On the question of credit and loans I may put this to the noble Earl. I think everyone would admit that any credit or loans in the first instance granted to Russia must be utilised to solve some of her present liabilities. That is not in itself a disadvantage, because the object of the credits and loans, if they are to be successful, is to resuscitate the whole industrial position in Russia, or at any rate to resuscitate it to such an extent that they may be able to fulfil a large number of those obligations which at the present time, everyone is agreed, they cannot fulfil owing to the conditions of Russian industry and Russian poverty.

The noble Earl, in his Question, asks His Majesty's Government how long the Anglo-Soviet Conference is likely to continue. His Majesty's Government hope that the Conference will continue until an arrangement is reached satisfactory to both countries. I want to go further and to read evidence in a moment for what I have said. There is no reason why this result should not be reached if outside partisans, who cannot have sufficient information about negotiations of this kind, would abstain, at least for a time, from interference. His Majesty's Government are working in every way to speed up the negotiations, but, as the noble Earl knows, there is a very large number of issues involved, and several of them—some he has pointed out himself—are of great importance.

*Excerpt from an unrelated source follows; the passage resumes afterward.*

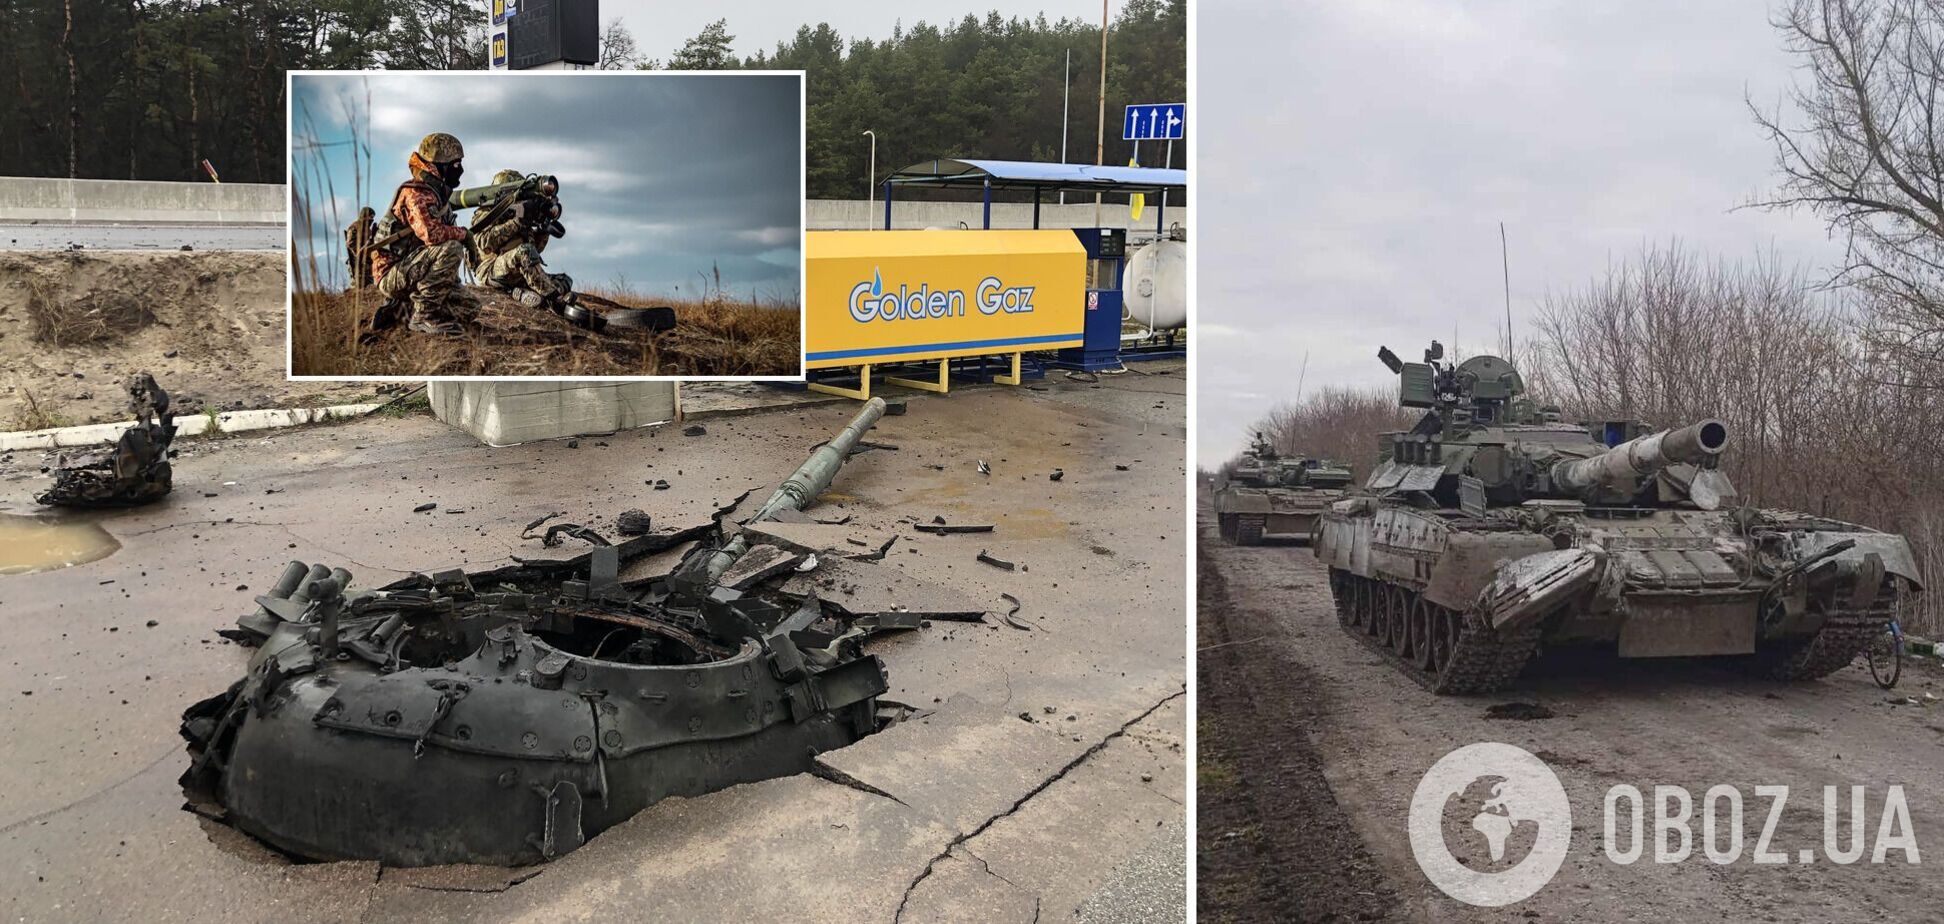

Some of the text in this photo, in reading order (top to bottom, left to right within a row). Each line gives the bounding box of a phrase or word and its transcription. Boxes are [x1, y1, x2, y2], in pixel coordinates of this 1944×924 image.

[494, 39, 504, 59] ГАЗ
[849, 275, 1035, 323] Golden Gaz

The noble Earl has already said that from time to time official communiqués have been issued, with the assent of both parties, on the progress of these negotiations, and in The Times of to-day a very important communiqué appears. It is nearly a column and a half in length—a very encouraging communiqué for those who desire that these negotiations should have a successful issue, and a communiqué which at any rate should be studied very carefully by the noble Earl and those who are occupying the position of critics. I have had extracted just one passage from the communiqué in to-day's issue of The Times, regarding the progress of these negotiations. It is headed: "Considerable Progress." Considerable progress is being made. That is the heading of one of the portions of the communiqué in The Times. This is what it says, and it is very frank.


Is this official?


It is certainly official. I presume that while negotiations of this kind are going on you can only have an official communiqué. It would be a very gross interference with the ordinary conduct of a pending negotiation that one of the parties should make an ex parte statement. I cannot imagine any one in your Lordships' House suggesting an attitude of that kind. It would be wholly inconsistent with the first principles of friendly negotiations such as these, and would inevitably wreck such negotiations, if either party put their own gloss or their own interpretation upon the state of negotiations at any given moment. This is what the communiqué says:— The Soviet Delegation, after registering satisfaction at the expressions of good will of the British Government, deprecated the pessimism with which in some quarters it was attempted to surround the Conference. I think no one will deny that this is a very accurate statement. There has been an attempt in some quarters to surround the Conference with what I might almost call a destructive pessimism, which is most unfortunate in my view when two great, countries are attempting to enter into negotiations of this kind.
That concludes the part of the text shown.